The question may sound odd, but I think it’s a fun, and accurate, way to ask this question. What are humans made of?
You may be tempted to immediately jump to flesh and blood. Organs, skin, hair. Physical stuff. This isn’t a wrong jump, because it is immediately apparent to us that we are made up of these things. When you look at a human, you see their physical components. It appears obvious to us that humans are physical things.
Many Christians, though, will want to stress that we are not only physical stuff. Most Christians will also want to stress that we have (or are) souls…non-physical things.
Views that hold that humans have both a body and a soul are usually called substance dualist views. This simply means that humans are made of two substances. Substance dualist views are contrasted with substance monist views which hold that humans are made of only one substance. (Such as being only a body or only a soul)
Of Christian substance dualist views, there are two major schools: The Augustinian-Platonic and Aristotelian-Thomistic. (Ie, the view roughly held by Plato and later Augustine or the view roughly held by Aristotle and later Thomas Aquinas) There are other sorts of views, but these two have the most longevity, so I’ll focus on them.
I’ll start with the AP view because I think it’s the general assumption of most lay-level Christians. The AP view places a hard distinction between physical substance and non-physical substance. In other words, the Body and Soul are different things that simply happen to go together.
For most people who take the AP view, a human is most fundamentally a soul with a body. As such, you are a soul that uses your body while you are alive. When you die, you leave your body and go to be with the Lord. At the Resurrection, you enter into a glorified version of your previous body. You stay the same, despite whatever happens to your body.
For the AP view, your body is a helpful thing, but it isn’t necessary to make you, you. When you leave your body, you stay the same. You have lost the thing you used to maneuver in the physical world, but you’re basically still you.
Think of it kind of like a car: You get into a car, you get to where you are going, and you get out of the car. The car was a helpful tool, but you are the same when you enter the car and when you leave the car. The only thing that changed was your use of the vehicle.

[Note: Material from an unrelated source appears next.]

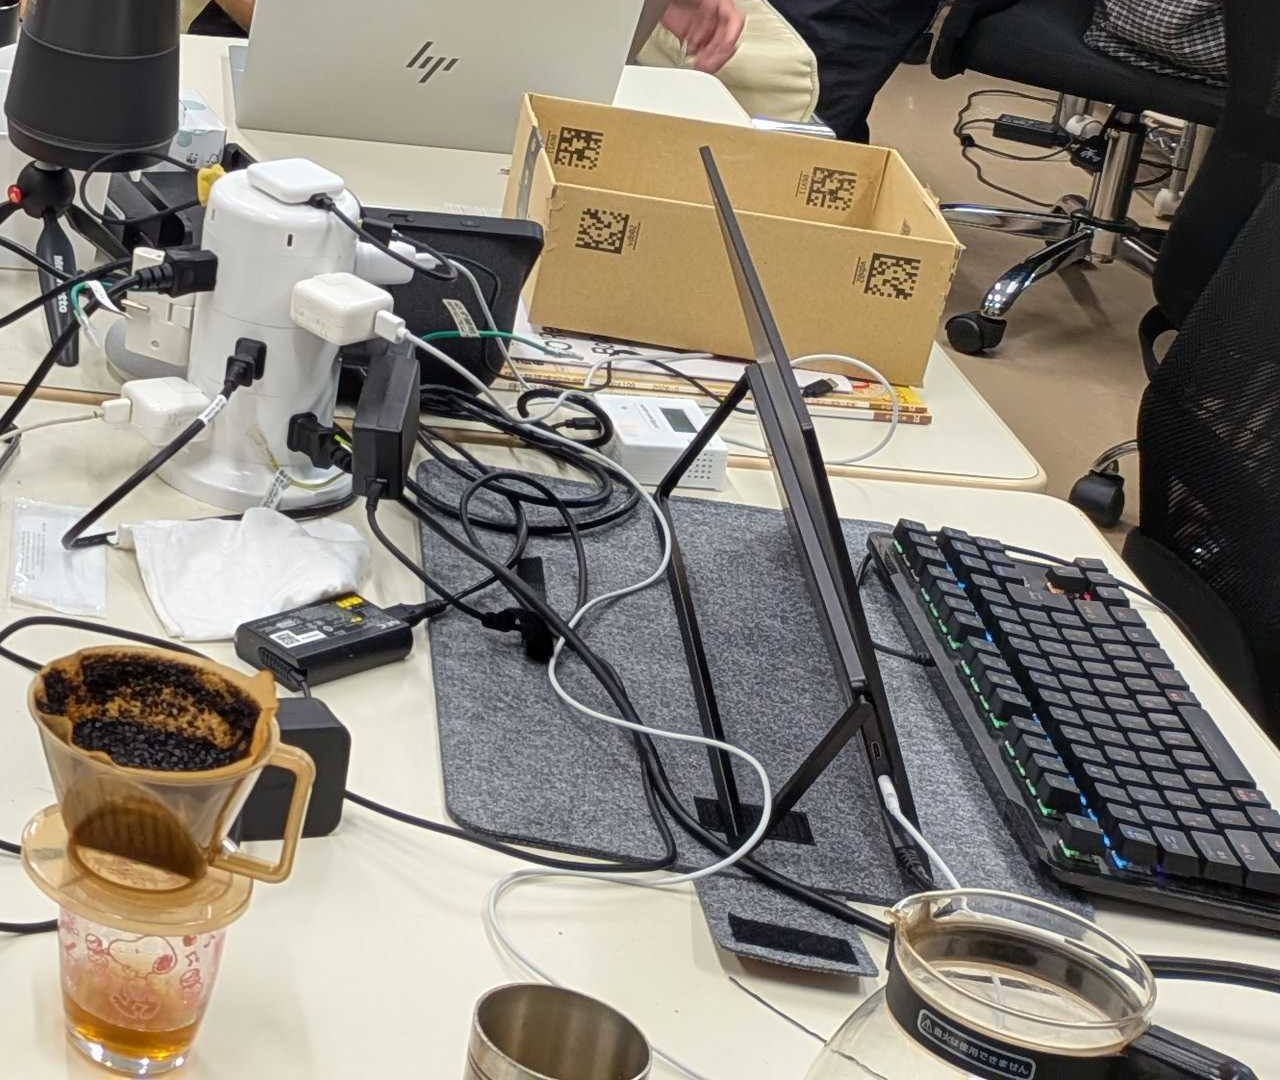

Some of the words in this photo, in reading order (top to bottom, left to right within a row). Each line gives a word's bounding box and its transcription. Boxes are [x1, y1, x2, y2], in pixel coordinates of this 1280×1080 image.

[933, 1025, 1030, 1076] 直火は使用できません

This view is slightly more complicated but still worth thinking through. For most AT proponents, we could say that a human is fundamentally the thing that occurs when a human body and soul are joined together. In other words, a thing with a human body and a human soul at the same time is properly called human.

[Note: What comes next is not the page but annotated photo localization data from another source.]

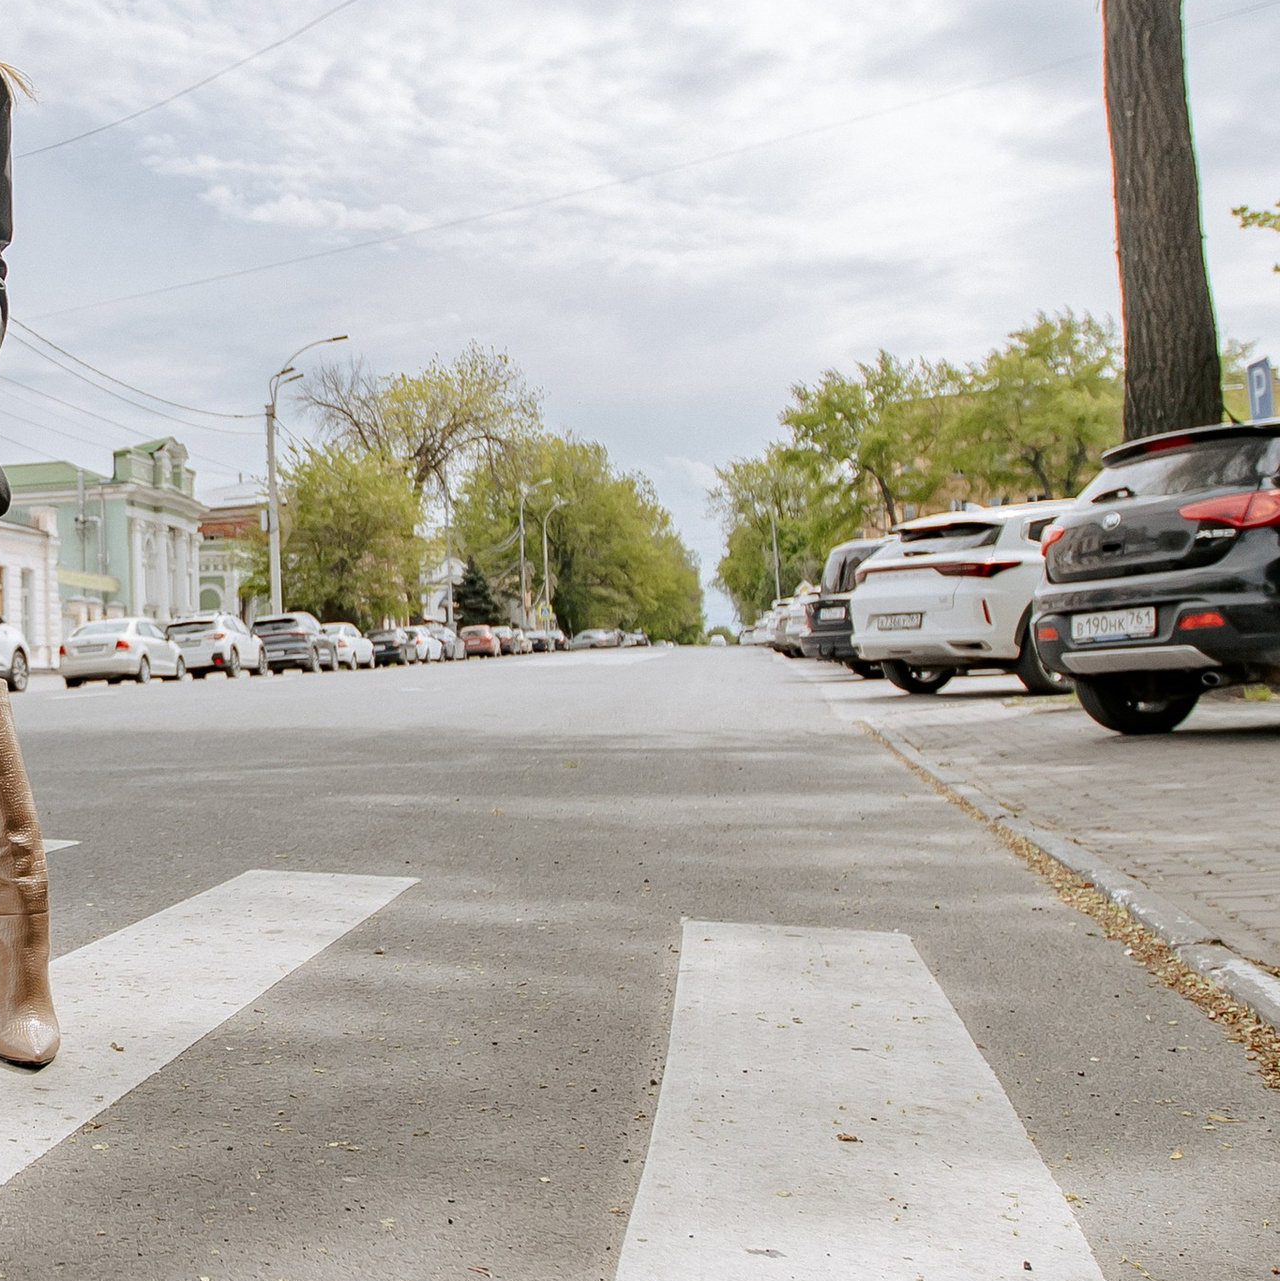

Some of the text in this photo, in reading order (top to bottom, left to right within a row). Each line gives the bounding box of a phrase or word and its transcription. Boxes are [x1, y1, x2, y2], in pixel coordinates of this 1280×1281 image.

[1253, 367, 1266, 415] P
[1076, 610, 1152, 637] В190НК 761
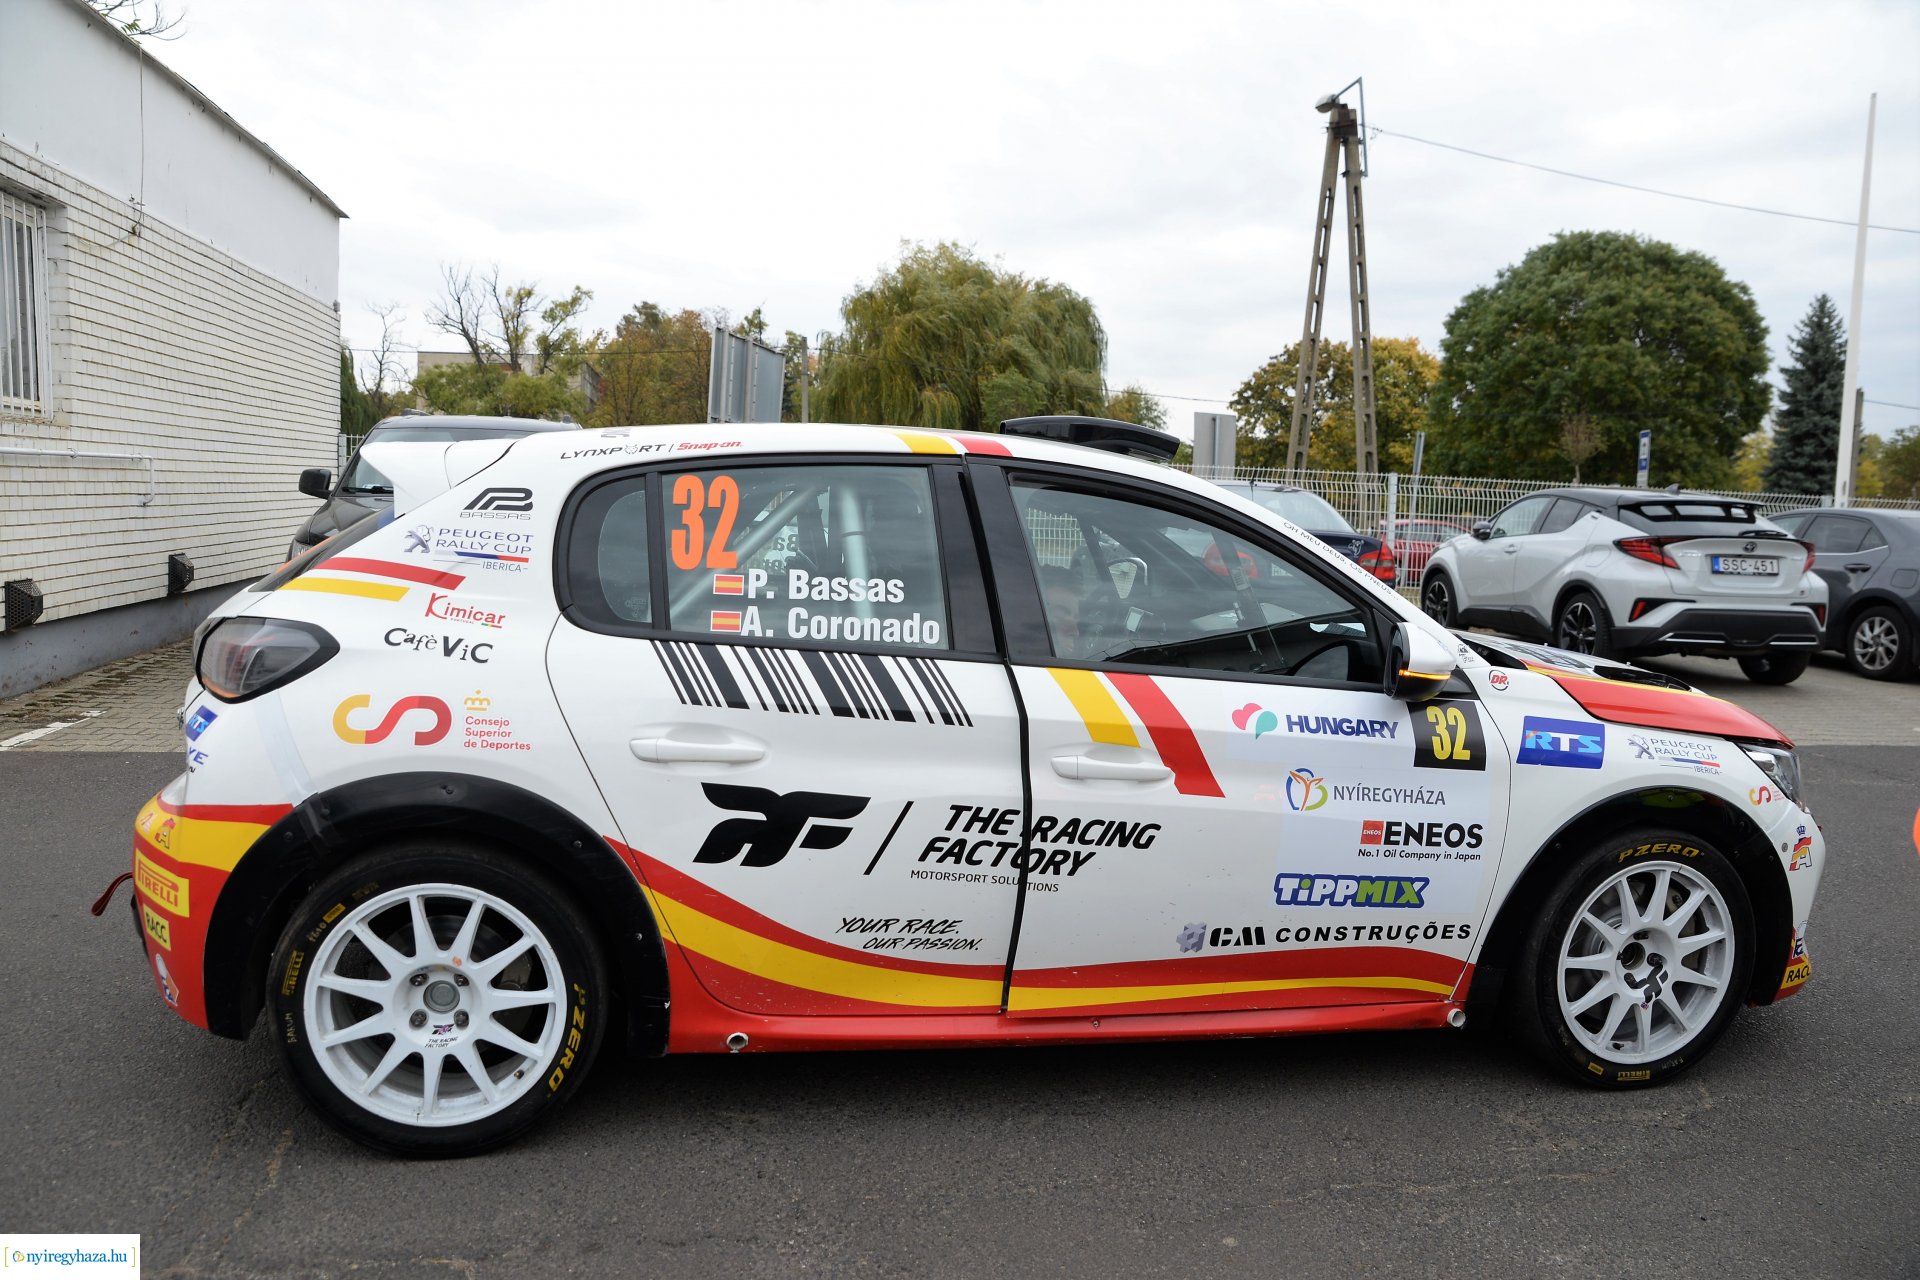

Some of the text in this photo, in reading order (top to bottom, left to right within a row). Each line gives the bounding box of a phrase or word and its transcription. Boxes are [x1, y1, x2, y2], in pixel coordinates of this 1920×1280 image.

[676, 440, 743, 451] Snap-on
[459, 511, 532, 521] BASSAS
[671, 474, 740, 570] 32
[439, 528, 534, 543] PEUGEOT
[1283, 522, 1298, 533] OH
[436, 539, 532, 554] RALLY CUP
[482, 561, 522, 572] IBERICA
[1722, 559, 1774, 572] SSC-451
[748, 568, 905, 603] P. Bassas
[425, 593, 506, 624] Kimicar
[740, 605, 940, 644] A. Coronado
[442, 635, 493, 663] ViC
[465, 716, 510, 727] Consejo
[1286, 714, 1398, 739] HUNGARY
[465, 727, 512, 738] Superior
[1426, 705, 1471, 761] 32
[464, 739, 531, 751] de Deportes
[1525, 729, 1603, 754] RTS
[1650, 738, 1713, 752] PEUGEOT
[1654, 747, 1718, 760] RALLY CUP
[1333, 783, 1446, 805] NYÍREGYHÁZA
[944, 804, 1162, 849] THE RACING
[1383, 821, 1484, 849] ENEOS
[918, 836, 1097, 876] FACTORY
[1358, 848, 1481, 862] No.1 Oil Company in Japan
[138, 858, 180, 907] PIRELLI
[910, 870, 989, 884] MOTORSPORT
[835, 917, 963, 935] YOUR RACE.
[1275, 921, 1471, 943] CONSTRUÇÕES
[863, 937, 983, 951] OUR PASSION.

For the AT view, your body is essential to your humanity. You aren’t just a soul with a body, you are a soul and a body. In this view, when you die, your soul is forced to leave your body and you are left incomplete until the Resurrection. At the Resurrection, you will be made complete again when your soul is joined back with your new, glorified body.

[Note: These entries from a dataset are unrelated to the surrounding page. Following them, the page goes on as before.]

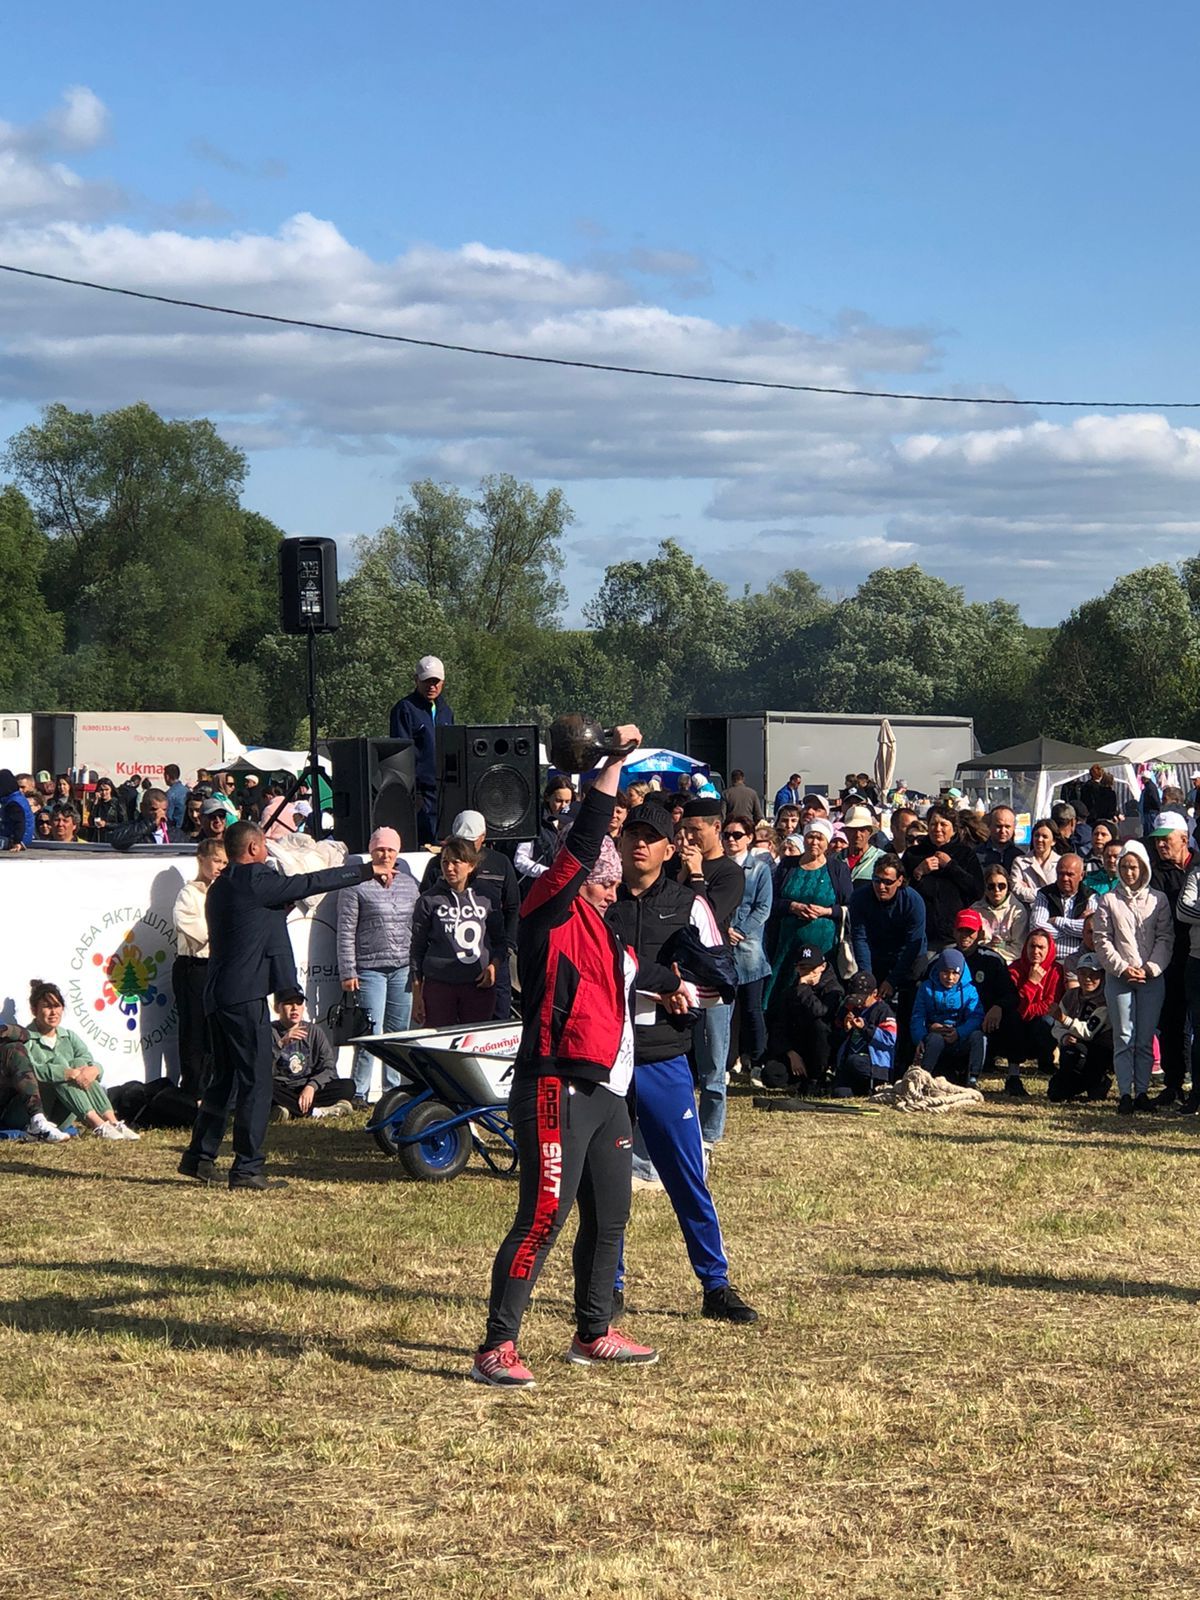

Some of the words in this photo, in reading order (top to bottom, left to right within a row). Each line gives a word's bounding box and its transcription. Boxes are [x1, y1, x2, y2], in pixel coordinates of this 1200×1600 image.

[116, 762, 165, 776] Kukma
[70, 925, 102, 970] САБА
[456, 920, 482, 964] 9
[69, 979, 119, 1052] ЗЕМЛЯКИ
[542, 1141, 562, 1199] SWT

That may sound like philosophical gobbledygook, but consider this: If the AP view is correct, why do you need to be resurrected? You would be just fine without your body! The AT view addresses this by arguing that you need your body to be complete and your soul being apart from your body is a bad thing. In order for you to be properly you, you need both your individual soul and body to be together.
What’s It Matter?
A fair question is, “What does all this matter? What does it matter if I’m a soul with a body or a soul and a body?”
In response, consider this: If your body were or were not fundamental to you, would that change what you did with your body? If you are “Not of this World” will you live differently than if you are in some way fundamentally physical? How does your body relate to how you think of your identity?
In sum: the way we think of how our souls and our bodies interact matters. It will impact how you choose to live and what you do with your body. It will impact what you think of the physical world. Maybe I’ll explore some specifics further in a future post.